Exchange for the prisoners did not take place – mainly because its captors could not decide what they were want. That exchange for captive insurgents, then for a mountain of dollars. But the requirements were simpler and more sane than the opponents of Anhar. Her enemies continued to write: “The lady (Ankhar) is in comfortable conditions, she traveled freely to Ukraine, she had already visited Turkey, and the ransom requirements – this is wiring for money. ”
Only the talent for communicating with people allowed Ankhar to survive. In the book is a story about how she managed to persuade Ammar, the leader of the rebels, to save her life and take care of her – and to protect her from all the others who wanted to kill her or “run around in circles”. This, perhaps, the main thing in the book is that Ankhar managed to see the humanity of her captors and enemies. If before captivity they were “rats” to her, at the end of the book she regrets that these wonderful guys went wrong, they made a mistake, and they turned out to be someone in the grave, someone in the exile.
“Sometimes I see the same dream. A shining café lights on the waterfront. A cheerful company sitting in a cafe. Among us there is Ammar, who orders me an ice cream with cream. As if there were not these terrible seven bloody years. As if all are alive. And around – a beautiful, strong and prosperous Syria.
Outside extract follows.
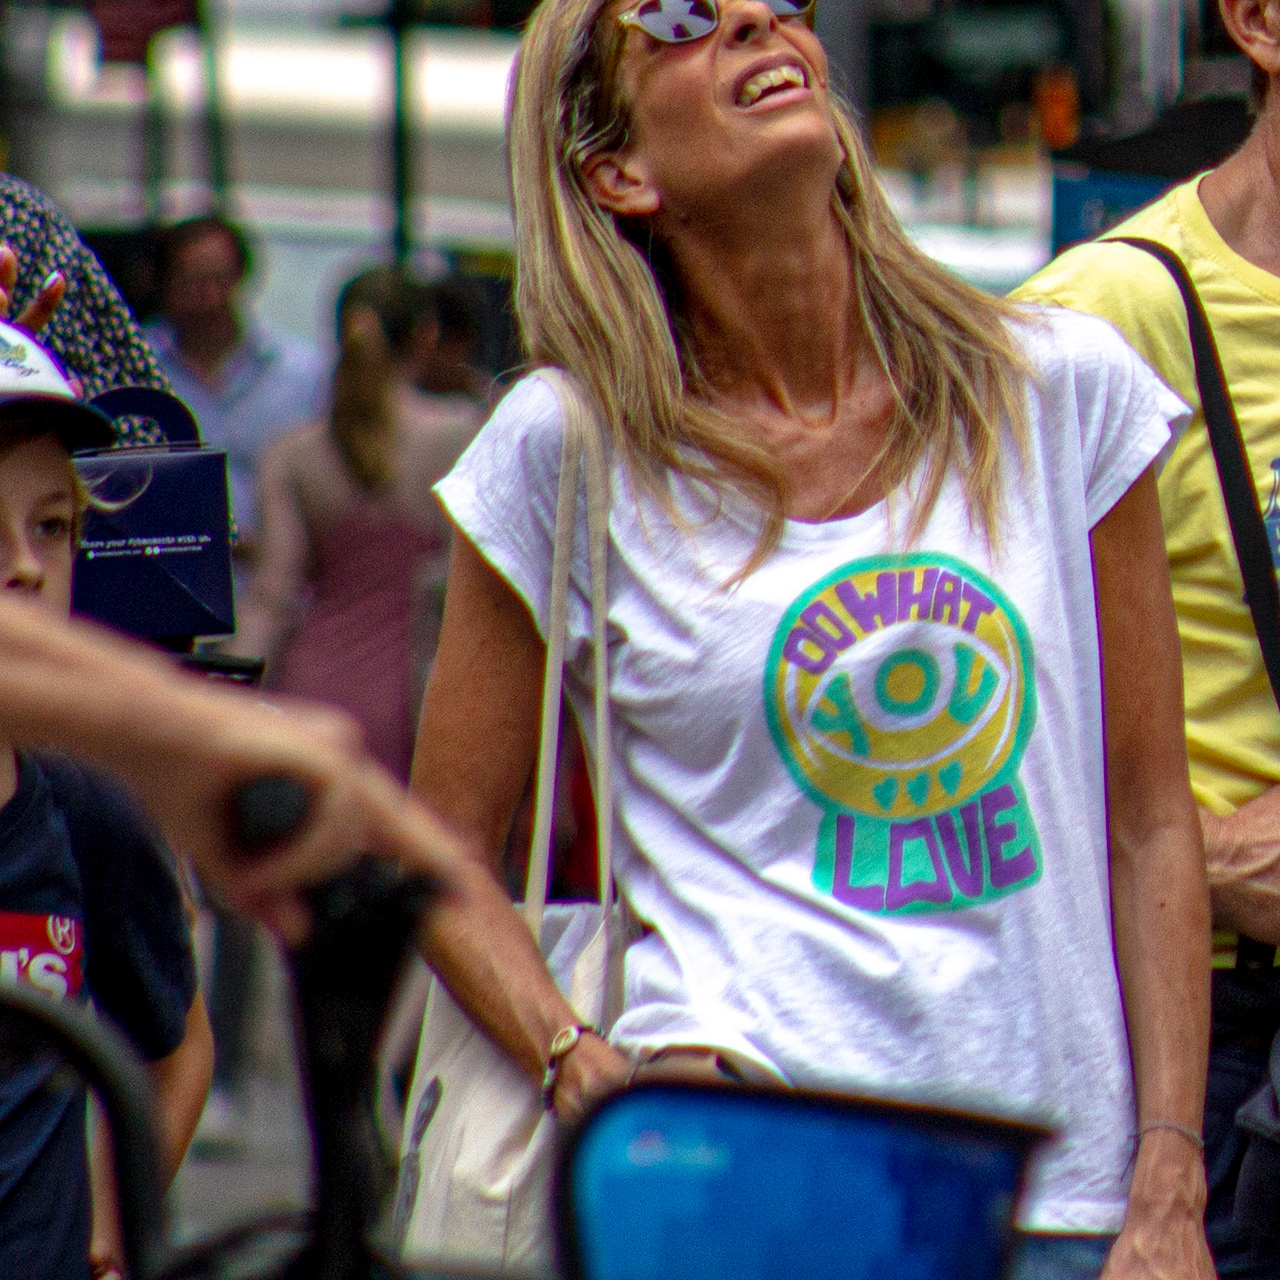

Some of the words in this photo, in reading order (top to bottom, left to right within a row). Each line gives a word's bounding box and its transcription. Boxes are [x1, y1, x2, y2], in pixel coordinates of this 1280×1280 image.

“Finally, she managed to escape. Six months later, she was not so closely followed, and she went out early in the morning and went wherever her eyes looked. I went into the village, which was not under Damascus, and not under the militants – the autonomous Syrian “Malinovka”. There she was pitied and forwarded to the “big land”, to the territory under the control of the authorities. Anhar was saved, but there is no happy end. She was not extended a visa in Syria – she was in conflict with different officials and experts. She had to go to Lebanon, and live there on the very edge of poverty and homelessness, among Syrian refugees. Her husband, who was with her in Russia, swam away – although he defended her and fought for her release. She had a Syrian husband – but he fled to Europe, forgetting about Ankhar. With Russia, she also does not get along all right: the staff of the Foreign Ministry are extremely angry with her. The sad fate of the five-edged nut in the land of the hex nuts. Ankhar wants to return to Damascus, not to Moscow, but it does not work for her either. An interesting, sad book, but it is not yet evening.»